Notice how the shape of my hand changed with the optional battery grip, this definitely makes the camera easier to hold in one hand (although you would almost always be supporting the lens with your left hand).

Rear LCD Display

The LCD on the D30 is a fairly typical 1.8" 114,000 pixel unit, it's bright and clear and despite not having an anti-reflective coating seems to perform surprisingly well outdoors.

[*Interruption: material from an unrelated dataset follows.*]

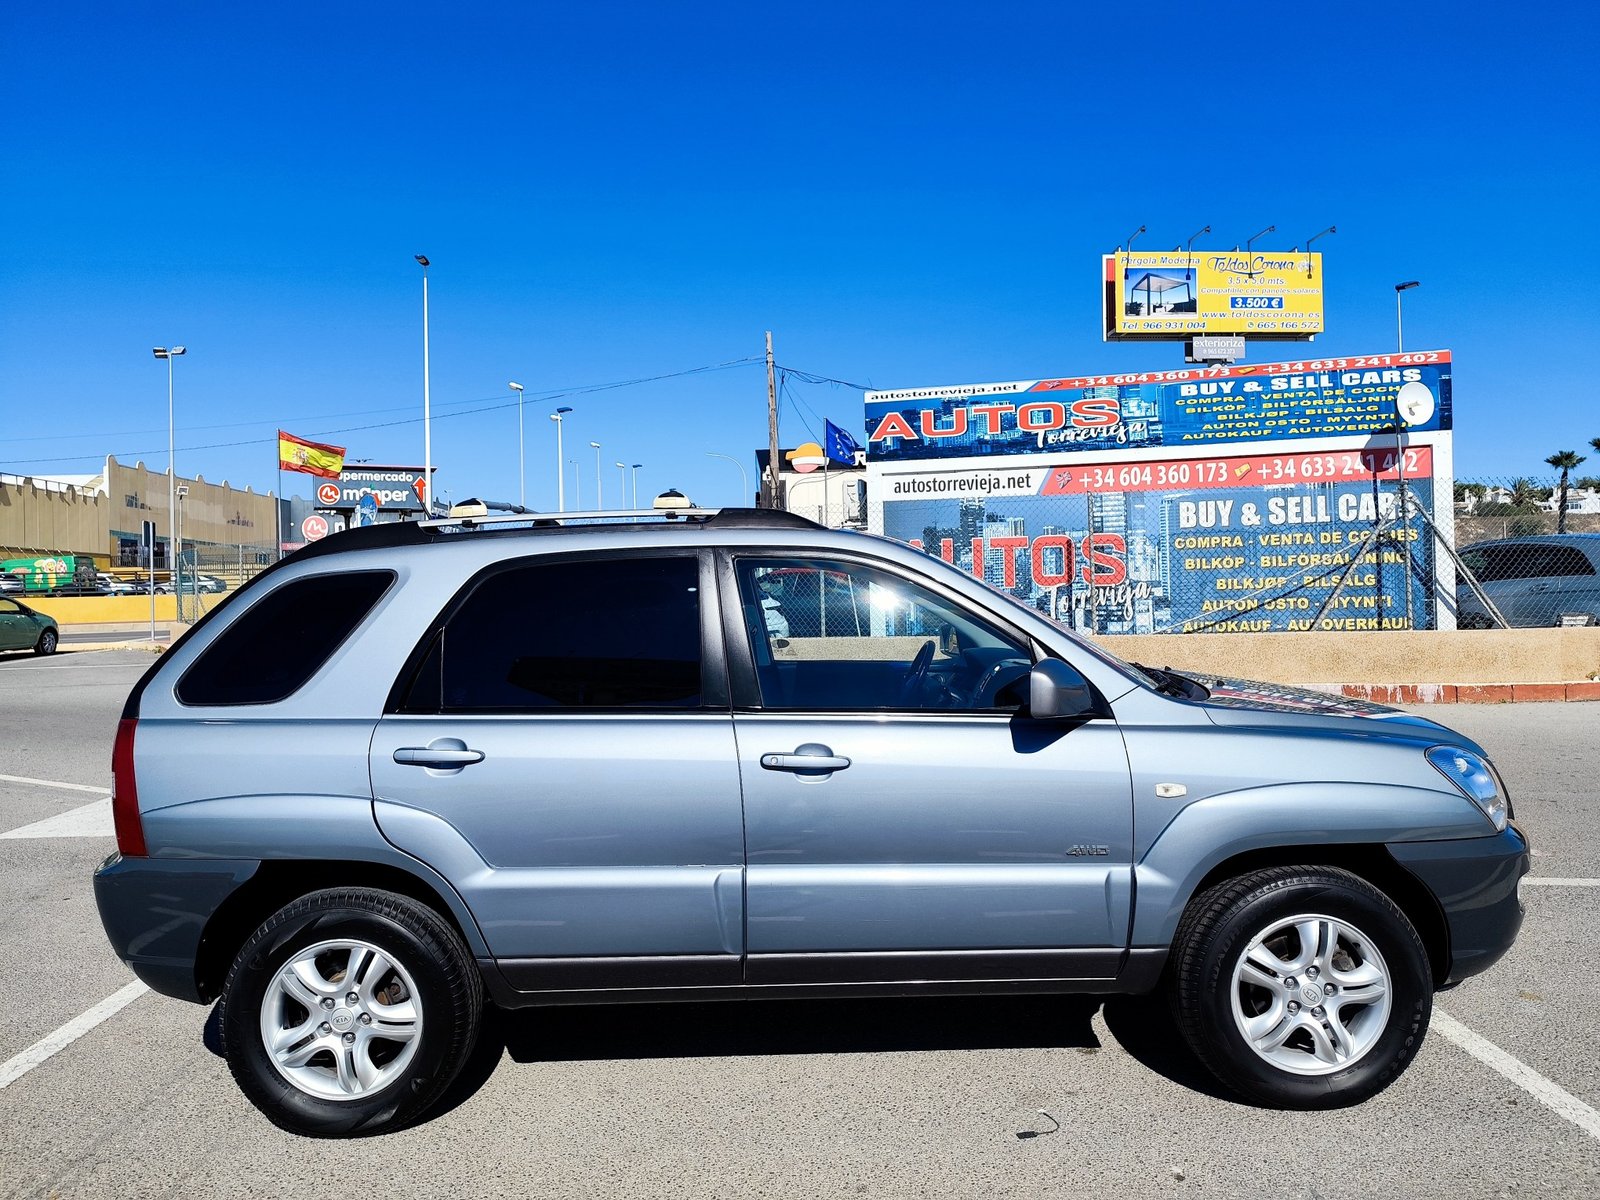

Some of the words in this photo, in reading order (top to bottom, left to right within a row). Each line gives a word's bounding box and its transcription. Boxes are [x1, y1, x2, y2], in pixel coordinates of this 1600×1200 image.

Obviously as the D30 is an SLR with no live preview option the LCD is only "On" if you have image review enabled (after taking the shot either 2, 4, 8 seconds or hold on the shutter release), when you're navigating menus or reviewing images in playback.

Top Information LCD

The top LCD on the D30 provides just about all the information you could ever need, there's everything on here from exposure information, remaining frames, drive mode to white balance, image quality and battery status. You can VERY EASILY control all the major camera functions without using the rear LCD at all. Additionally as there's only ONE information LCD you only have one place to look / worry about. It's worth noting that you can program the rear SET button to perform a custom function such as changing ISO etc.

It's probably worth noting that this isn't ALL the information the LCD displays, when changing settings the LCD changes mode, for example the exposure meter doubles up to display bracketing information, the shutter speed can display ISO when it's being changed etc.